START Available data
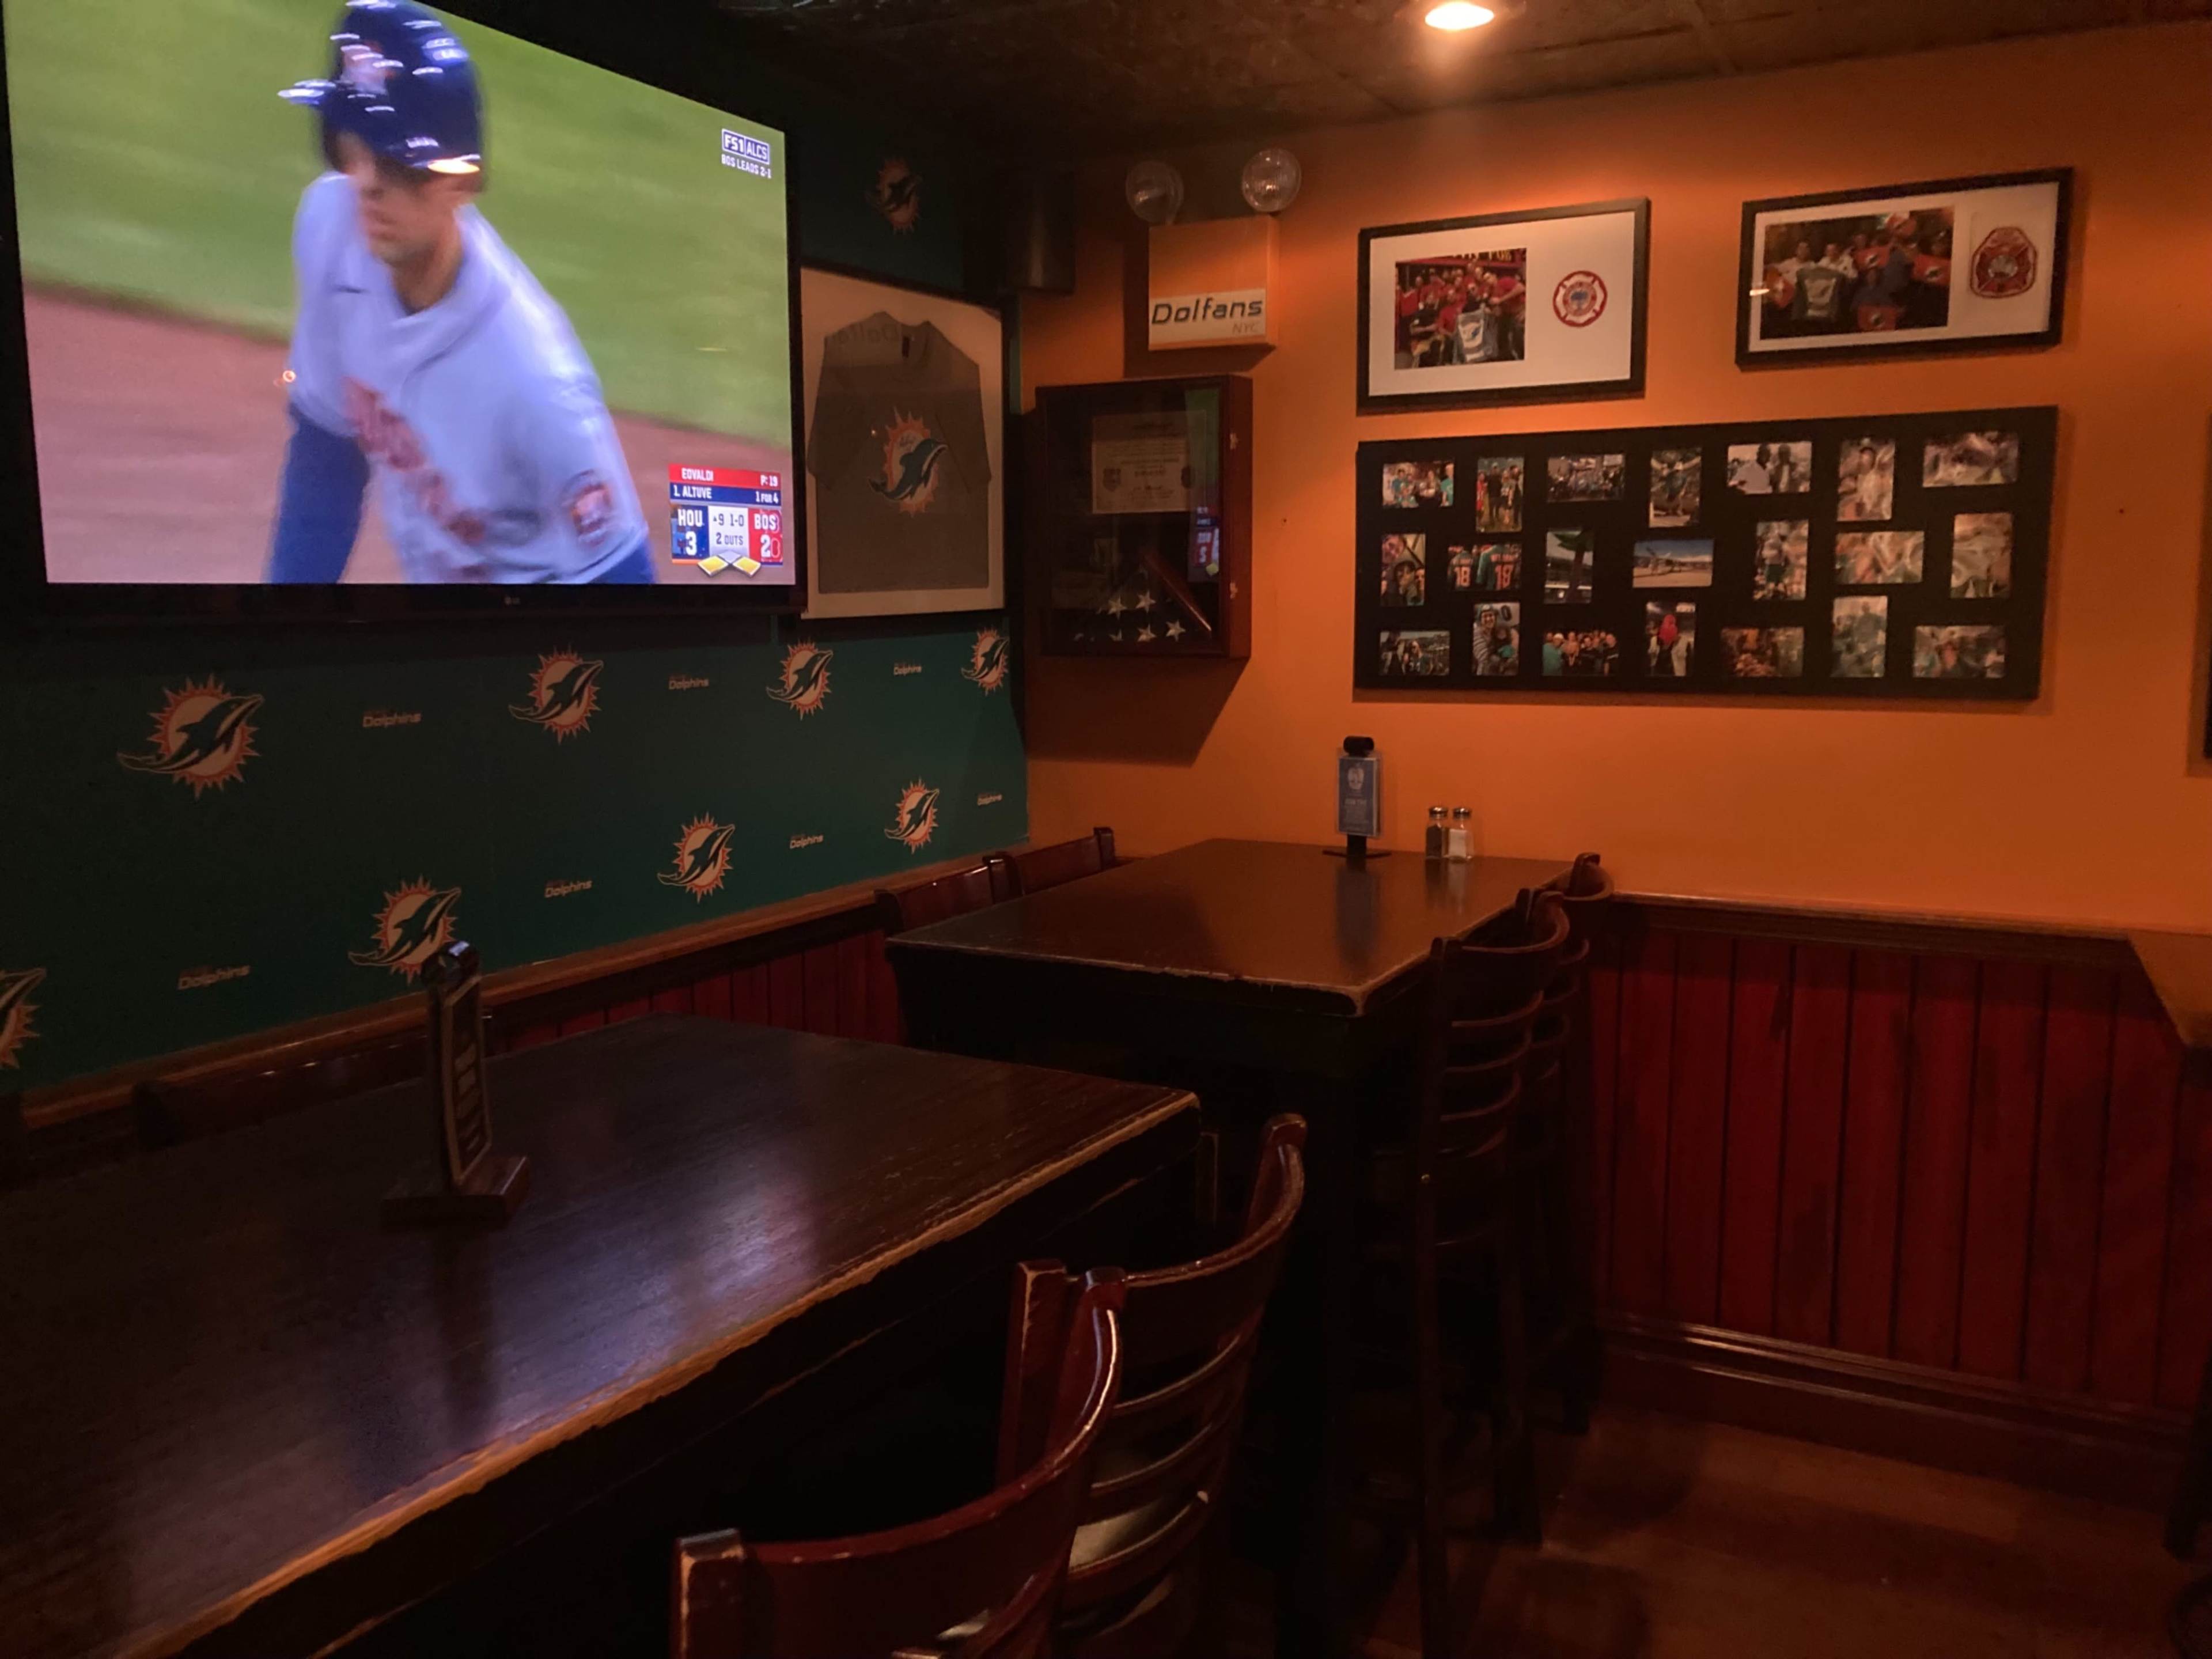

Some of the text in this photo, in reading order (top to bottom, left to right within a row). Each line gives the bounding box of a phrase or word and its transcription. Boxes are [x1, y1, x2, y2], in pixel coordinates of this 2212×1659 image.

[725, 134, 767, 160] FS1 ALCS
[721, 154, 771, 179] BOS LEADS 2-1
[1152, 297, 1262, 324] Dolfans
[1232, 322, 1258, 334] NYC
[681, 468, 714, 482] EOVALDI
[683, 485, 712, 499] ALTUVE
[761, 493, 772, 503] FOR
[773, 493, 778, 503] 4
[677, 509, 703, 527] HOU
[718, 514, 744, 527] 9 1-0
[754, 513, 777, 530] BOS
[685, 531, 697, 556] 3
[716, 533, 744, 545] 2 OUTS
[760, 534, 771, 558] 2
[1454, 566, 1471, 587] 18
[1495, 564, 1514, 590] 18
[893, 665, 922, 676] Dolphins
[668, 678, 709, 691] Dolphins
[362, 712, 422, 729] Dolphins
[789, 834, 824, 849] Dolphins
[544, 880, 592, 898] Dolphins
[177, 964, 251, 990] Dolphins
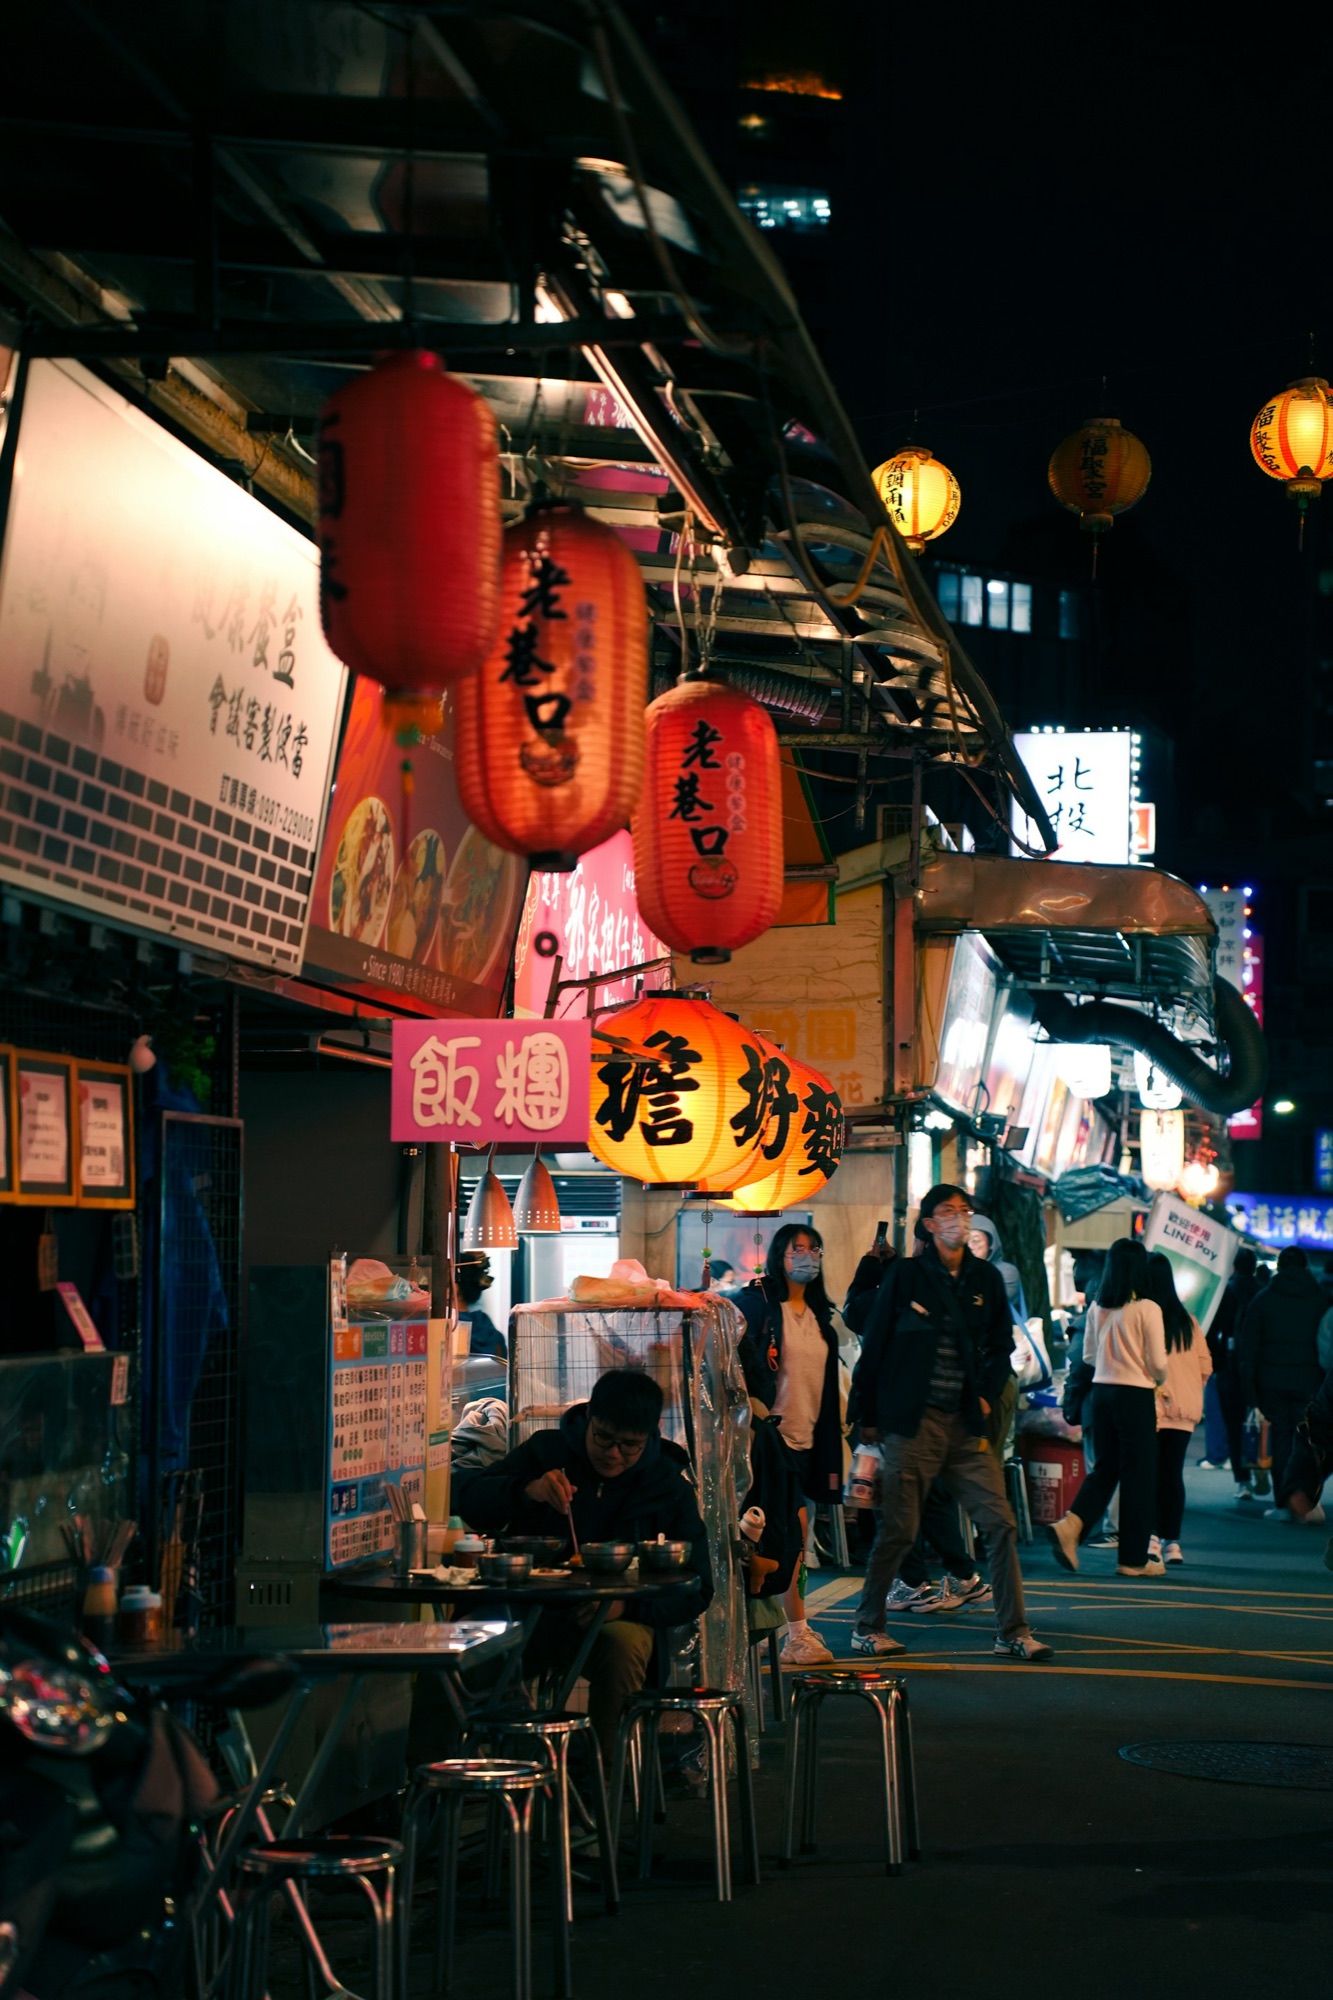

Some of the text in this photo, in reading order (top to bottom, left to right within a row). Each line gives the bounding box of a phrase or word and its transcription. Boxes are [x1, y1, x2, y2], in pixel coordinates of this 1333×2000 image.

[1081, 437, 1108, 499] 福聚宮
[499, 557, 574, 731] 老巷口
[208, 672, 310, 780] 會議客製便當
[668, 719, 732, 857] 老巷口
[1046, 756, 1096, 837] 北投
[1163, 1224, 1219, 1262] LINE Pay
[1167, 1210, 1212, 1242] 歡迎使用
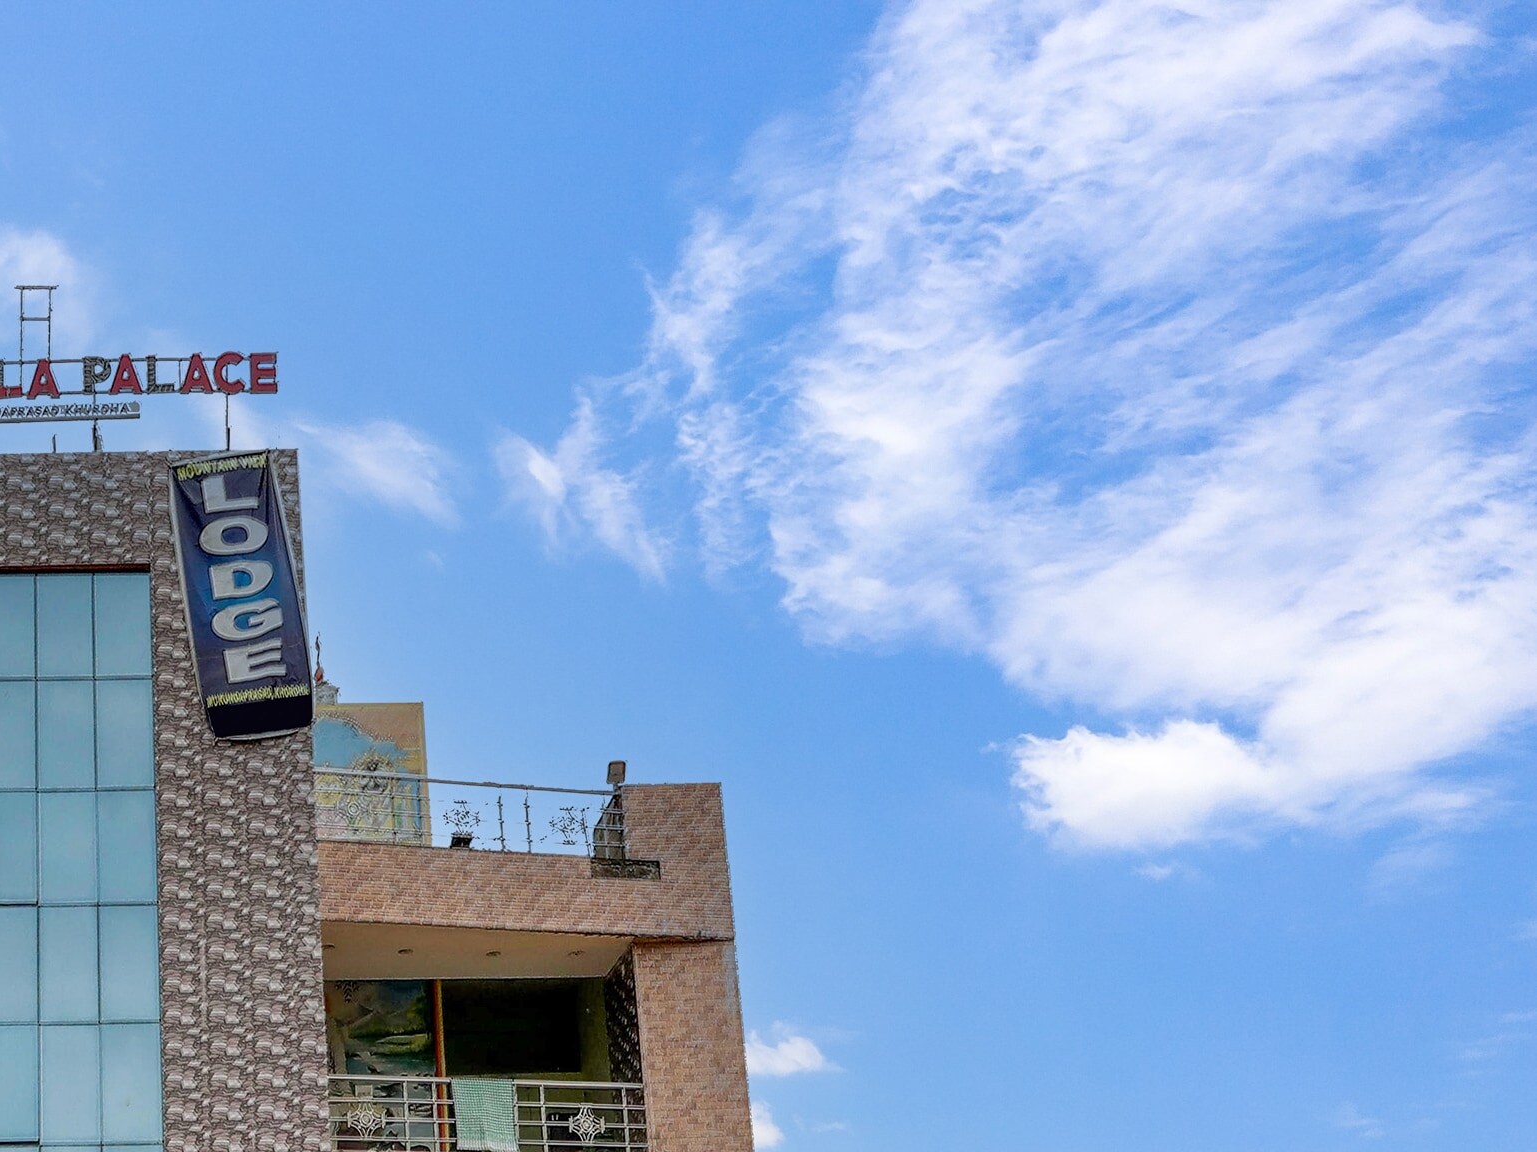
END Available data
◆ **Task details**
Retype, exactly as written, each line from the one containing "this 1333×2000 image." through the end of the data above, and leave out every picture.

◆ **Reply**
Some of the text in this photo, in reading order (top to bottom, left to right within a row). Each line gives the bounding box of a phrase or word and its transcription. Boxes are [x1, y1, x2, y2], in pixel coordinates of this 1333×2000 image.

[1081, 437, 1108, 499] 福聚宮
[499, 557, 574, 731] 老巷口
[208, 672, 310, 780] 會議客製便當
[668, 719, 732, 857] 老巷口
[1046, 756, 1096, 837] 北投
[1163, 1224, 1219, 1262] LINE Pay
[1167, 1210, 1212, 1242] 歡迎使用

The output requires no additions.